A custom NAS that is in the process of being replaced.
Q8400
4GB DDR2
12TB Storage

My gateway device is a WatchGuard M200.

I'm currently building a NAS that will house twenty either 4TB or 8TB drives. I've bought the case but that is about it thus far for that project.

This thread is incredibly inspiring.

To those with home labs, what is your reasoning behind creating and maintaining them? Are you a sysadmin or application developer?

What is managing those VMs famalam?

Pretty close except my pfsense is actually one of the VMs. And the two nics are just for a fast connection to the storage backend. The network connections the VMs use are over a seperate nice

In the pic the blue lines are on the storage VLAN. The other lines are used for regular network purposes for the VMs etc.

Its actually much more complex than this because I'm always playing around. I have a tor-isolated subnet, I have a span port that lets me copy all the FIOS traffic and send it to an eye-candy visualizer of everything happening to/from the Internet, an extra pfsense with a wifi adapter usb-passthroughed configured to activate if my fios goes down and then mooch wifi from my neighbors, etc. Happy to talk about any of it.

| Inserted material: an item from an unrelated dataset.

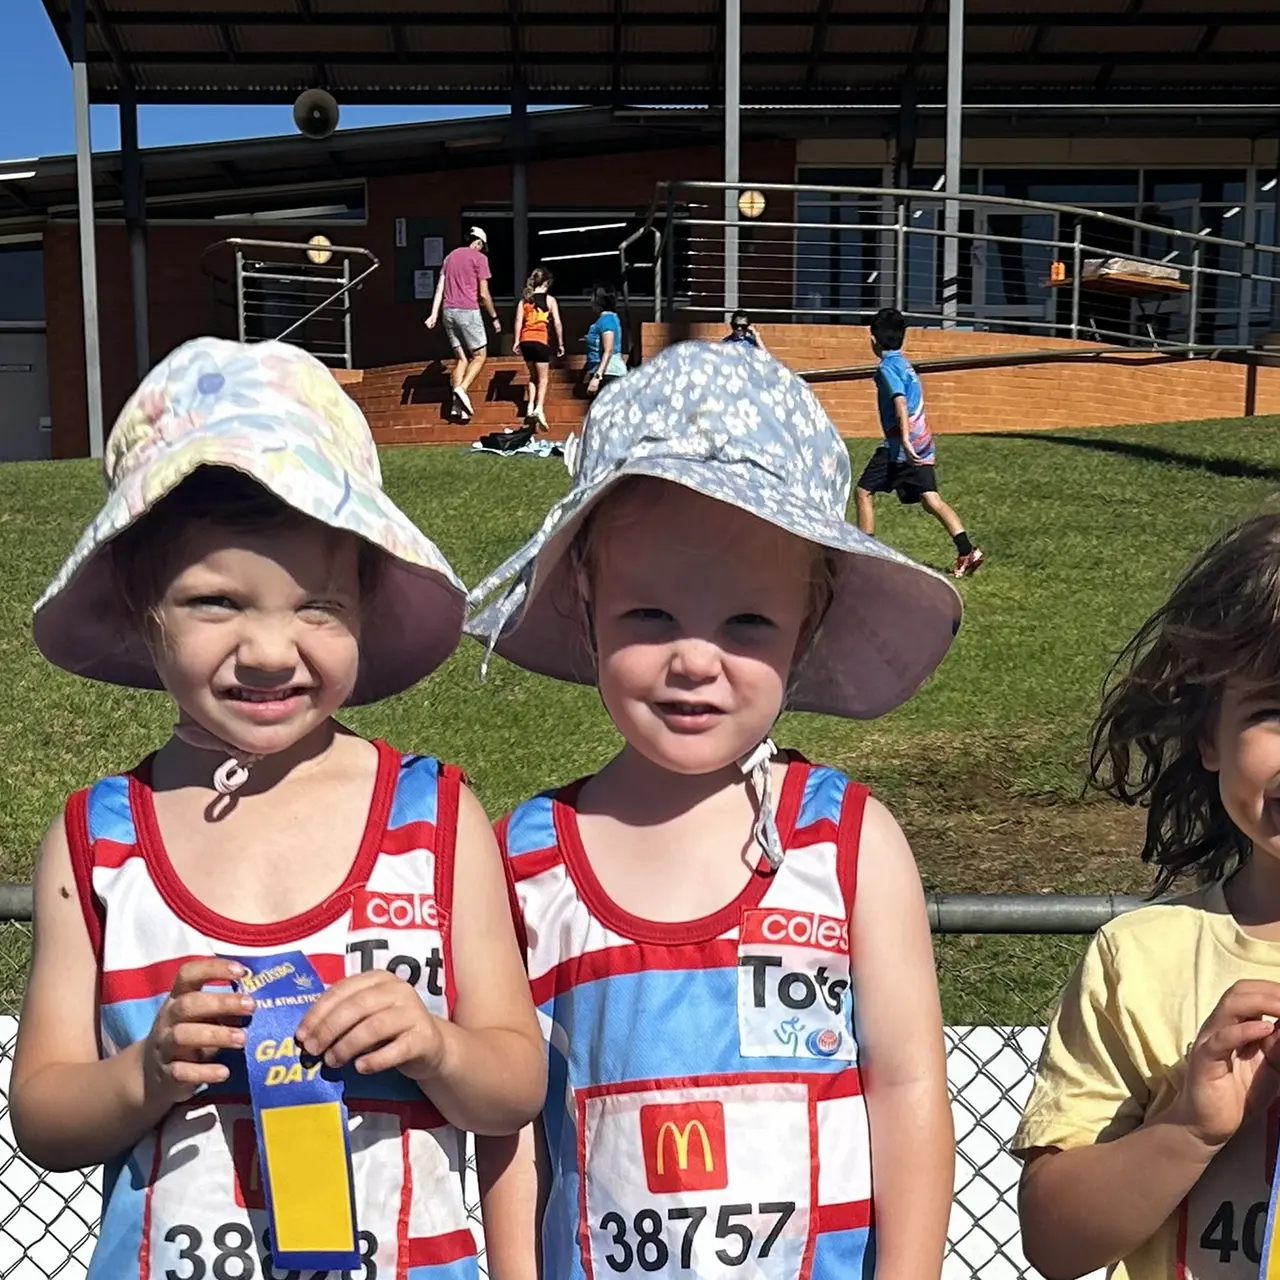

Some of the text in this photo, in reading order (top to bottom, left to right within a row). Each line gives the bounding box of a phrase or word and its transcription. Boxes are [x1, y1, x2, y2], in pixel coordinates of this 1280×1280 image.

Vmware ESXi or Hyper-v. Dont use xenserver. Citrix is moving away from it, it'll only fade away over time.

Vmware is more powerful in my opinion and keygens are easy to find so you can be "fully-licensed" with all the most advanced features activated for $0.

Vmware has tended to lead the pack with awesome features. Their newest really awesome feature is cslled vsan, it lets you have a fully redundant cluster without any shared-storage backend at all. Just a bunch of computers with HDDs can become a high availability cluster. Think: you have three servers each with one hard drive, and the effect is as if you had RAID working across the three drives -- even though the drives are in seperate machines!

Not saying vmware is the best choice for everyone. It can be complex for sure. What is your reason for building a virtualized lab:
To run VMs to experiment with? Anything will do, really. Pick something simple.
To run VMs AND experiment/practice with the underlying infrastructure itself? My choice for that is vmware. Complex but you will learn a lot. Just my opinion.

> vsan
Its like the gay variant of Ceph (or worse).

>homosexual storage technology

Can you give us an idea of how ceph works and what its good for? I dont know much about it, but my first impression is that it doesnt seem great for home lab vm storage unless your goal is to learn/practice on storage subsystems specifically or build your own custom hypervisor-layer builds.

thinking about getting a server for nextcloud would this work?
amazon.co.uk/gp/product/B013UBCHVU/

Not he isolating entry points is recipe for disaster.

>``homelab''
What a retarded name.
Of course I have a server in my house. It's a webserver and I also ssh into it when I don't have access to a Unix machine sometimes. It runs OpenBSD 6.0

Is this what NSA employes do in their free time? Figures.

Dont understand what you are saying, explain?

New to servers is there something that can easily allow me to create vms and remote desktop into them?

Literally anything, VirtualBox/VMWare Workstation if you just want something on your desktop

>Zoom
>Enhance
>Ubuntu
Get fucked m8

He means virtualizing a firewall is risky.